- **EXERCISE REQUIREMENTS**: Would you return each record that follows word for word, without its pictures?

Recorded data

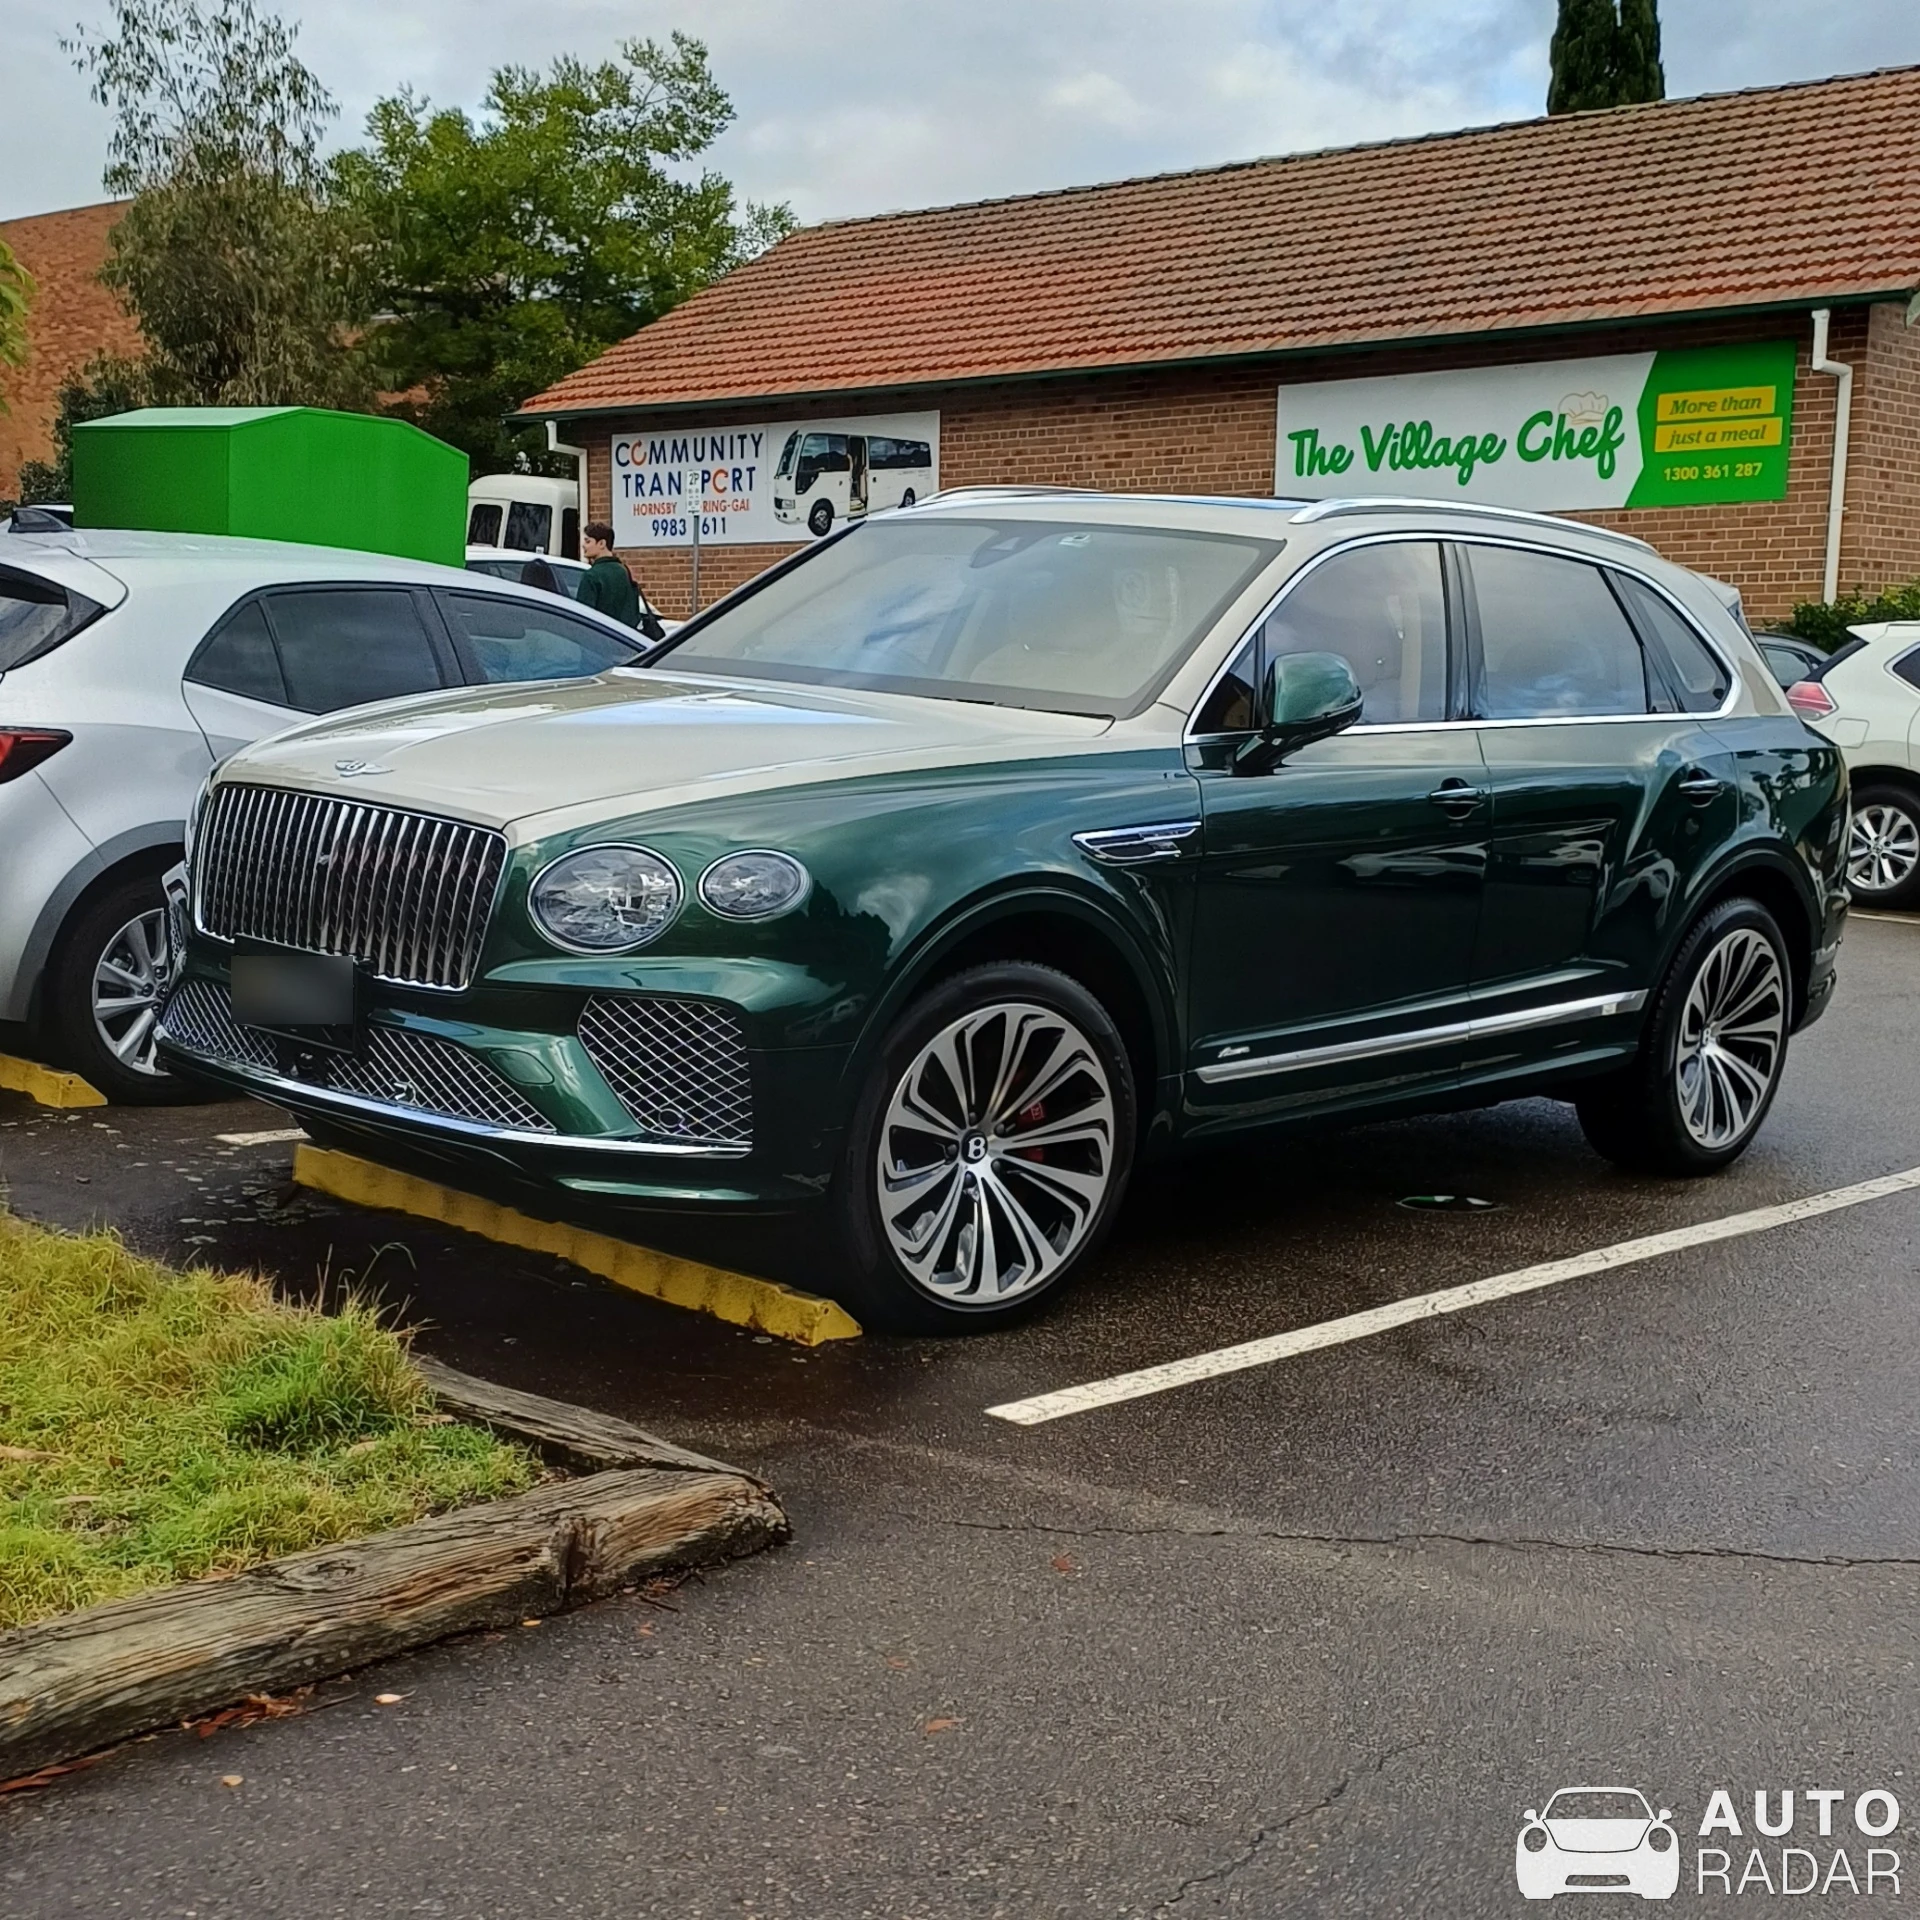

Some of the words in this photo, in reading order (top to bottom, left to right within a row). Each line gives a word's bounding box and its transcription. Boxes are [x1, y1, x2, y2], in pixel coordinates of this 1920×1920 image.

[1669, 398, 1717, 415] More
[1721, 395, 1762, 412] than
[1287, 427, 1355, 477] The
[1360, 419, 1507, 486] Village
[1516, 405, 1625, 480] Chef
[1667, 429, 1702, 449] just
[1705, 431, 1717, 443] a
[1720, 424, 1767, 442] meal
[615, 432, 764, 467] COMMUNITY
[622, 466, 756, 498] TRANPORT
[689, 472, 700, 486] 2P
[1663, 466, 1700, 481] 1300
[1702, 464, 1730, 479] 361
[1734, 462, 1763, 477] 287
[633, 501, 678, 516] HORNSBY
[652, 518, 687, 537] 9983
[967, 1136, 986, 1160] B

- **WORKED SOLUTION**:
Some of the words in this photo, in reading order (top to bottom, left to right within a row). Each line gives a word's bounding box and its transcription. Boxes are [x1, y1, x2, y2], in pixel coordinates of this 1920×1920 image.

[1669, 398, 1717, 415] More
[1721, 395, 1762, 412] than
[1287, 427, 1355, 477] The
[1360, 419, 1507, 486] Village
[1516, 405, 1625, 480] Chef
[1667, 429, 1702, 449] just
[1705, 431, 1717, 443] a
[1720, 424, 1767, 442] meal
[615, 432, 764, 467] COMMUNITY
[622, 466, 756, 498] TRANPORT
[689, 472, 700, 486] 2P
[1663, 466, 1700, 481] 1300
[1702, 464, 1730, 479] 361
[1734, 462, 1763, 477] 287
[633, 501, 678, 516] HORNSBY
[652, 518, 687, 537] 9983
[967, 1136, 986, 1160] B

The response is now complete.